● Provided data:
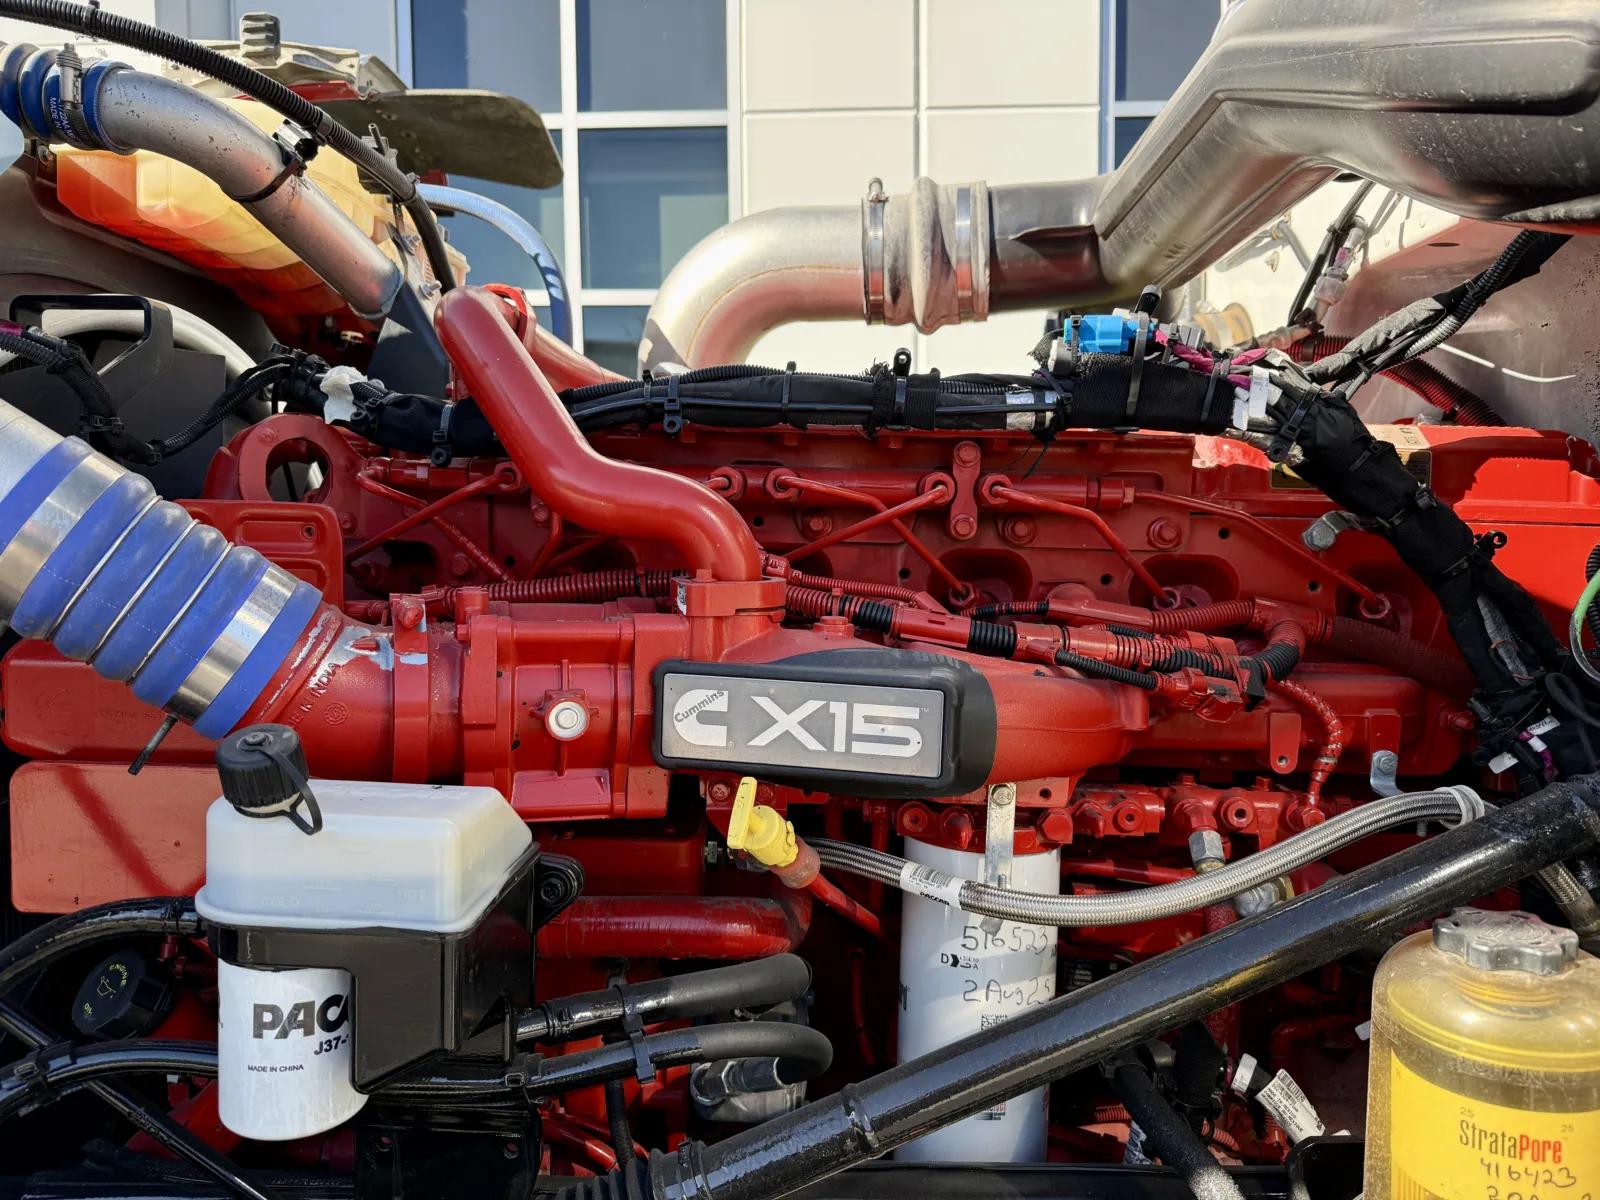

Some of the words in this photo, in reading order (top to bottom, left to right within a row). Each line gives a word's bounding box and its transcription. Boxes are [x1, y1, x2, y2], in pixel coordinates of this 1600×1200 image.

[309, 662, 337, 698] INDIA
[674, 689, 725, 724] Cummins
[747, 695, 923, 758] X15
[109, 963, 128, 987] ENGINE
[83, 1002, 93, 1015] OIL
[313, 1033, 349, 1055] J37-
[247, 1064, 268, 1073] MADE
[269, 1064, 278, 1072] IN
[279, 1063, 304, 1072] CHINA
[1283, 1104, 1297, 1119] MEXICO
[1460, 1107, 1474, 1118] 25
[1459, 1119, 1563, 1165] StrataPore

● What needs to be done:
Pictures in the records must not appear in the copy; transcribe everything else precisely.

● Response to this task:
Some of the words in this photo, in reading order (top to bottom, left to right within a row). Each line gives a word's bounding box and its transcription. Boxes are [x1, y1, x2, y2], in pixel coordinates of this 1600×1200 image.

[309, 662, 337, 698] INDIA
[674, 689, 725, 724] Cummins
[747, 695, 923, 758] X15
[109, 963, 128, 987] ENGINE
[83, 1002, 93, 1015] OIL
[313, 1033, 349, 1055] J37-
[247, 1064, 268, 1073] MADE
[269, 1064, 278, 1072] IN
[279, 1063, 304, 1072] CHINA
[1283, 1104, 1297, 1119] MEXICO
[1460, 1107, 1474, 1118] 25
[1459, 1119, 1563, 1165] StrataPore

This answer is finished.